The complaint recited that "the Union requested the Respondent to bargain collectively with it in respect to the Respondent's unilaterally promulgated Stock Purchase Plan as exclusive bargaining representative" of the employees in its unit, and Richfield's refusal so to bargain. Unfair labor practices accordingly were alleged.
By December 1, 1953, 2,547 out of 3,318 eligible employees had become participants in the Plan, including 820 of the 1,340 eligibles represented by the Union.
The facts were stipulated for the purposes of the hearing. Attached as exhibits were the exclusive bargaining agreement then in force, certain amendments thereto, Richfield's announcement, the Plan, a retirement plan and a retirement annuity plan concluded by agreement in 1944, and various other documents or correspondence. The retirement plan benefits were provided by a group annuity contract, paid for by Richfield, and were in addition to those provided under an "Employees Group Insurance Plan" and by the Social Security Act, 42 U.S.C.A. § 301 et seq. The retirement annuity plan for Richfield employees was paid for by joint contributions of Richfield and its employees, with participation optional with each eligible employee.
The agreement dealt in detail with many employment problems including transportation and travel time, holidays, vacations, sick leave, and leaves of absence. Under the heading "Benefits," we read: "This agreement shall in no wise affect the status of employees on whose behalf it is made with respect to benefits derived or to be derived by employees as a whole from membership in any group insurance, stock purchasing plans or pension funds."

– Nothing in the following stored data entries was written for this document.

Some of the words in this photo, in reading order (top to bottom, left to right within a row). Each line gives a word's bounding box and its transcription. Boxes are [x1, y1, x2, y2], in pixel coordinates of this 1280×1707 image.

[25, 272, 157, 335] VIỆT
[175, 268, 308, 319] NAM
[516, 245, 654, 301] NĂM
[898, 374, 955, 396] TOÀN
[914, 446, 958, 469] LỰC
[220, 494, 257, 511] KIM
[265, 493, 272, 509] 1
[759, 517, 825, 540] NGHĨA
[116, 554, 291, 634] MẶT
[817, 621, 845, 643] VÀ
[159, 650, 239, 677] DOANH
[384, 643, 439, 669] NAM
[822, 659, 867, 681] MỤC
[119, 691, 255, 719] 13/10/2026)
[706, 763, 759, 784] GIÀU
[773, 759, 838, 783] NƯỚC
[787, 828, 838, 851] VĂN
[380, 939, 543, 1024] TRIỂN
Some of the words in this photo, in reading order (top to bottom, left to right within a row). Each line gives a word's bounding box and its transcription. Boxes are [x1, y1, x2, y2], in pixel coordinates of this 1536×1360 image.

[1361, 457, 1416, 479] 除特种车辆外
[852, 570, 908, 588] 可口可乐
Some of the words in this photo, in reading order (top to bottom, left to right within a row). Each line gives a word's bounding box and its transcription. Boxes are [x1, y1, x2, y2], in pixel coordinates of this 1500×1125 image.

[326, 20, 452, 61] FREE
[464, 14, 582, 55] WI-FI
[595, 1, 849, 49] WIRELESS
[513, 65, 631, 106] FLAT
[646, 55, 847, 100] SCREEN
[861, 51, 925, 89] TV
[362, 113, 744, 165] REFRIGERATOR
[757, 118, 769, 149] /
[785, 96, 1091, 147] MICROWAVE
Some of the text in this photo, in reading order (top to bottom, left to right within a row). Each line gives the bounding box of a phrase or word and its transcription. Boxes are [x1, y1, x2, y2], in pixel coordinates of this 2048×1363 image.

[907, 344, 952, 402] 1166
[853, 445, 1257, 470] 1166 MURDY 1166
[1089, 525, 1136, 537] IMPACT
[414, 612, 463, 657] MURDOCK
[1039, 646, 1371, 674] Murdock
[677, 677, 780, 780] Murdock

Adequate details of the Stock Purchase Plan can be gleaned from the findings, included in the Board's "Decision and Order."
110 N.L.R.B. 356 (1954).
One member dissenting, the Board majority concluded on the record as a whole that the Plan represents a mandatory subject of collective bargaining. The opinion said, in part:
"We think that a common sense, non technical view of the Plan, including its manifest purpose, its unmistakable emphasis upon the long term accumulation of stock for future needs rather than upon stock ownership as such, its requirement that participants be employees, and its provision for benefits which are related to the employees' length of service and amount of wages while participating, compels the conclusion that benefits accruing to employees thereunder represent a part of the compensation or remuneration received by the employees for their labor, differing from their weekly wages only in form and time of payment."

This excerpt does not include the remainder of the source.